Lately I am averaging an email each day and several telephone calls per week from anglers expressing growing concern over what they perceive to be relative scarcity of spotted seatrout between West Matagorda and Corpus Christi Bays. We suffered one of the hottest and driest summers on record, and so naturally, everybody was anxious for the coming of fall weather and much needed rainfall. Through September and October diehard anglers waded historic honeyholes like dice players chasing their money, betting everything that their luck was about to change.

Here it is early November and while we've been seeing a few sparks; catching still isn't what seasoned fishermen would describe as hot or consistent. Success has been hit and miss with redfish still providing the most excitement.

In my September column I referenced the fact that our mid-coast seatrout fishery has been declining steadily over the past eight or nine years while fishing pressure has increased dramatically. TPWD Coastal Fisheries Division does a great job of measuring recruitment and population density, so it is no surprise that their data reflect the same scenario that anglers are reporting. Sadly, the Spring 2009 net sampling result pegs the trout population in mid-coast bays very near the level recorded after the freeze of 1989.

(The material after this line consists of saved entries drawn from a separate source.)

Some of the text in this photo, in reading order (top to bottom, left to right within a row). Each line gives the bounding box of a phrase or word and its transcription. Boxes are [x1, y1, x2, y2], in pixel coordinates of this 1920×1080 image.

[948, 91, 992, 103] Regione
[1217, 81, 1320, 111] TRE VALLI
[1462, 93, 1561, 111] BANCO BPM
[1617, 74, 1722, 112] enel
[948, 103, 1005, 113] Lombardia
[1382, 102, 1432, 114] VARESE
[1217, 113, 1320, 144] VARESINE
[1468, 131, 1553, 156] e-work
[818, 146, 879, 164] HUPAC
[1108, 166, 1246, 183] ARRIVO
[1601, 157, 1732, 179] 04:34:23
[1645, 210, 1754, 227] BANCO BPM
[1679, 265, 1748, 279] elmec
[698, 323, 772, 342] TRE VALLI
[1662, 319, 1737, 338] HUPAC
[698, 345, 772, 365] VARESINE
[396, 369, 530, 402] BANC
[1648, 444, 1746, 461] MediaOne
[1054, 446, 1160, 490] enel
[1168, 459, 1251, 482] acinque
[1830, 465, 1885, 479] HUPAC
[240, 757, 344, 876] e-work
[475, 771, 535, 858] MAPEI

Concern has reached the level where many have begun blaming live croaker as too effective, again, others hope for limited entry to be enacted on fishing guide licenses. While I agree with the effectiveness of croaker, I do not believe that banning a specific bait or method of fishing that is currently legal is a good idea. Neither do I see limited entry on fishing guide licenses as a practical means through which to fix the decline of the mid-coast seatrout fishery.

To embrace either of these makes as much sense as continuing to take aspirin hoping the pain will go away when in fact surgery to treat the problem at its source is the only way to save the patient.

If I could put the problem in a nutshell, I would say we have been removing fish from the bays faster than Mother Nature can replace them. As concerned anglers and stewards of the resource, the maintenance of sustainable fisheries should be our primary goal. Rather than taking ten every chance, we need to practice more catch and release. Catching is the greatest thrill in fishing yet we willing reduce the chances of catching every time we take more than enough for fresh fish dinner.

The entire concept of sportfishing hinges on the kingpin of sustainable fisheries. Without sustainable fish populations we may as well take up golf or gardening for our outdoor recreation.

So while I truly enjoy corresponding with the growing number of anglers tired of not catching, and I'm not for one second saying I wish for the emails and calls to stop, I'm going to ask everybody to give it an even greater effort. Send the same email you send me to TPWD, send it to CCA Texas, and send it to the Chamber of Commerce in the coastal community you fish most often.

I believe that more conservative regulations are needed to restore the mid-coast seatrout fishery to the level we enjoyed in the late 90s. The wheels of the machine that will bring these changes turn slowly. Your voice is the energy that can fuel the machine. Practice catch and release, keep the emails, letters and calls coming, and remember to send copies.

Merry Christmas, come see me on the water!